López Hernández was born in Paraíso, Tabasco, earning a law degree from the Universidad Juárez Autónoma de Tabasco in 1984. He worked as a lawyer and notary in the 1980s and 1990s, earning a master's degree from Paris II in 1987. He also served in Tabasco state government during the 1990s, briefly as the head of the Local Board of Conciliation and Arbitration and then as the deputy secretary of Government and Legal Matters. Through 2003, he was a member of the Institutional Revolutionary Party, which included a stint as the state party's secretary general. He served as the campaign coordinator for Manuel Andrade Díaz's 2000 gubernatorial bid; after the elections were annulled by the TEPJF, he positioned himself as a candidate to be the interim governor in the ensuing August 2001 elections, then stepped aside to help the party choose a candidate, who turned out to be Díaz.

As a PRD member

In 2003, López Hernández switched parties from the PRI to the Party of the Democratic Revolution, and it was under this banner that he was elected to the state and federal legislatures. He served in the Tabasco state congress from 2007 to 2009, where he was the PRD group leader, and then was elected to the Chamber of Deputies for the LXI Legislature. In San Lázaro, he sat on five commissions, including secretary posts on two: Strengthening of Federalism and Special for the Grijalva-Usumacinta River Valleys. After his term as a deputy, voters in Tabasco elected López Hernández to the Senate for the LXII and LXIII Legislatures. Within months of taking office, on January 23, 2013, he left the PRD and initially became an independent. Shortly into the second half of his term, on October 10, 2015, López Hernández resigned from his seat, being replaced by Carlos Manuel Merino Campos, and made the second party switch of his career as he sought to become the head of Morena in Tabasco, a post he would win and hold until resigning to run for governor in late 2017.

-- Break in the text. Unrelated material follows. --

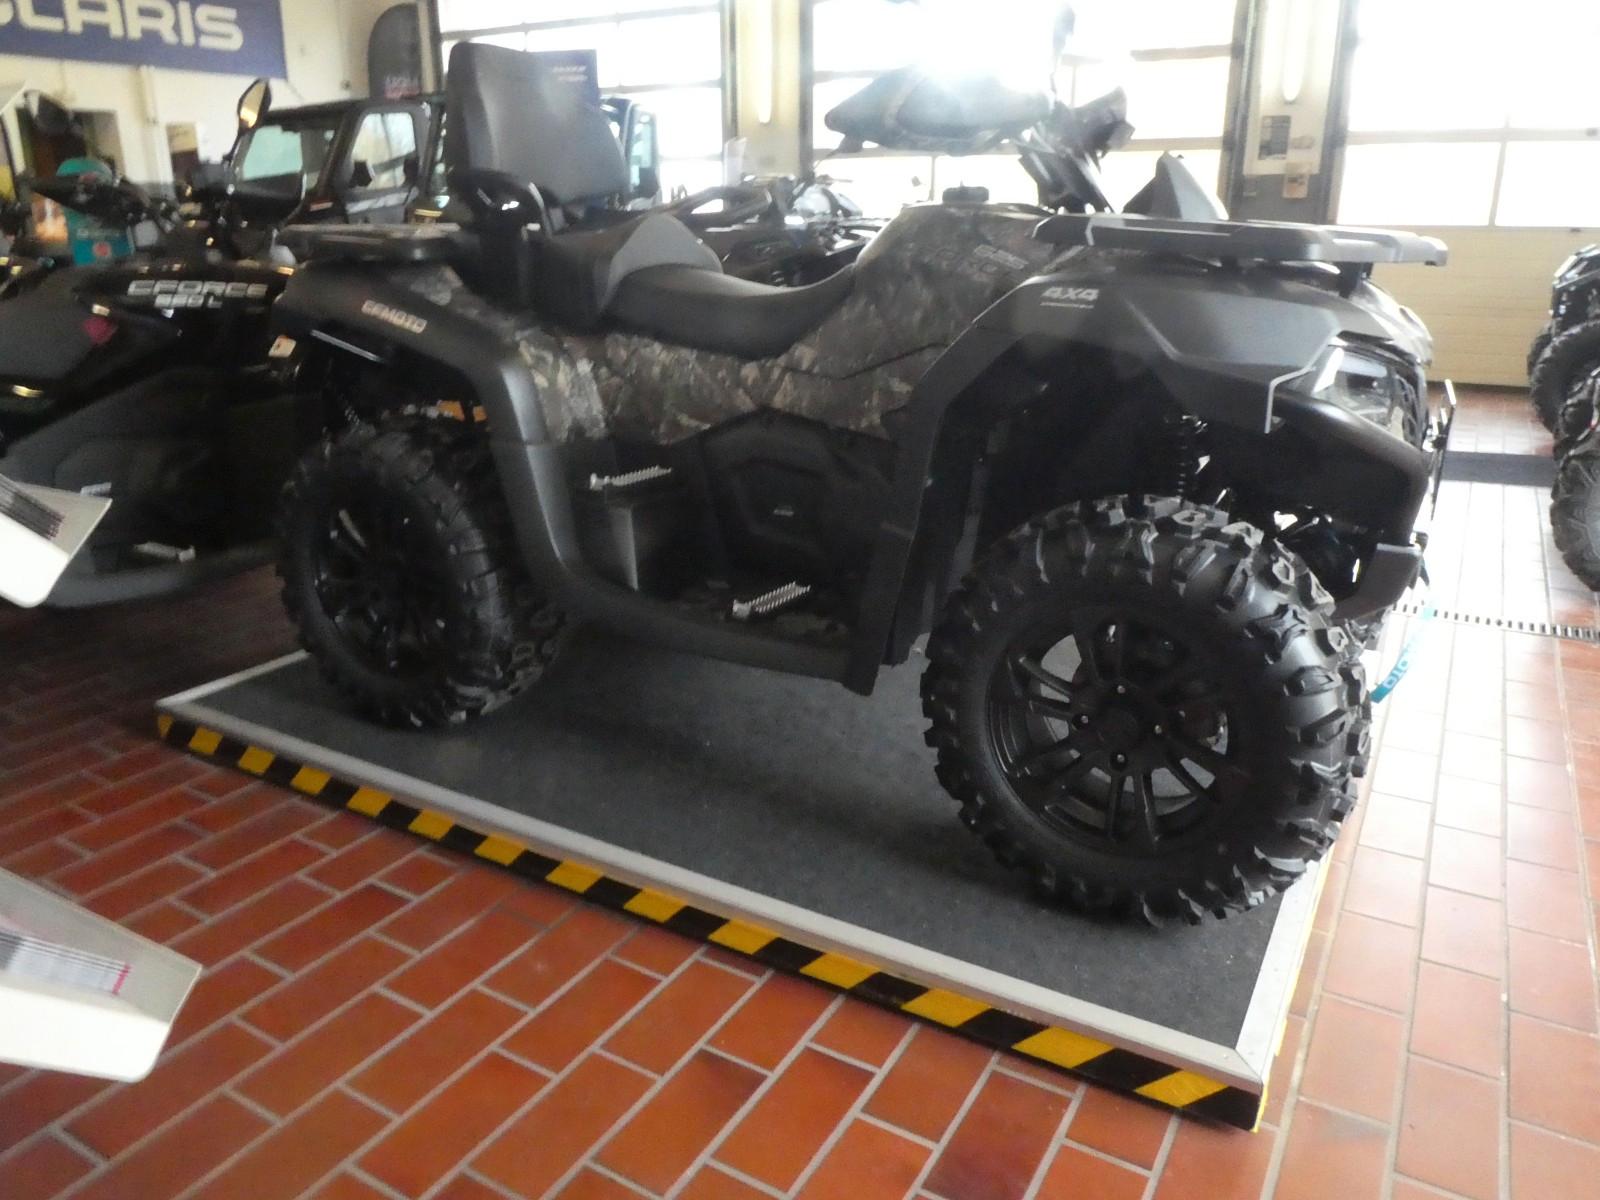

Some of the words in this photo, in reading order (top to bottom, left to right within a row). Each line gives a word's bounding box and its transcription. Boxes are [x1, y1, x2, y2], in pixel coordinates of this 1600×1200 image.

[0, 0, 243, 51] LARIS
[1041, 286, 1099, 301] 4X4
[361, 300, 427, 333] CFMOTO

Tabasco gubernatorial campaign

In February 2018, López Hernández became the only gubernatorial candidate for Morena and its Juntos Haremos Historia coalition in the 2018 Tabasco state elections after the other candidate dropped out and endorsed him. Competing in the home state of Morena's presidential candidate Andrés Manuel López Obrador, polling through the race showed him with a wide advantage. The candidacy also attracted some concern from members of Morena, who accused him of falsifying documents in real estate transactions as a notary, which allegedly benefitted his family.
Exit polling on election night gave López Hernández between 61.7 and 69.7 percent of the vote, with a lead of some 40 percentage points over Gerardo Gaudiano, the PRD candidate.